= Beginning of Section =

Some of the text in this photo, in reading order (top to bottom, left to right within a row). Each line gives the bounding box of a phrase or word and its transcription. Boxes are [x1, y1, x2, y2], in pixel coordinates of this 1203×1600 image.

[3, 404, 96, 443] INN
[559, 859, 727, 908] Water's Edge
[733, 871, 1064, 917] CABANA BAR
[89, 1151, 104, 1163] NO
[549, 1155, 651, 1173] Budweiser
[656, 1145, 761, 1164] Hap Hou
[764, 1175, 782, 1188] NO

= End of Section =

• [Task goal]: Give back the entire listing above, matching every line exactly.

• [Final answer]:
Some of the text in this photo, in reading order (top to bottom, left to right within a row). Each line gives the bounding box of a phrase or word and its transcription. Boxes are [x1, y1, x2, y2], in pixel coordinates of this 1203×1600 image.

[3, 404, 96, 443] INN
[559, 859, 727, 908] Water's Edge
[733, 871, 1064, 917] CABANA BAR
[89, 1151, 104, 1163] NO
[549, 1155, 651, 1173] Budweiser
[656, 1145, 761, 1164] Hap Hou
[764, 1175, 782, 1188] NO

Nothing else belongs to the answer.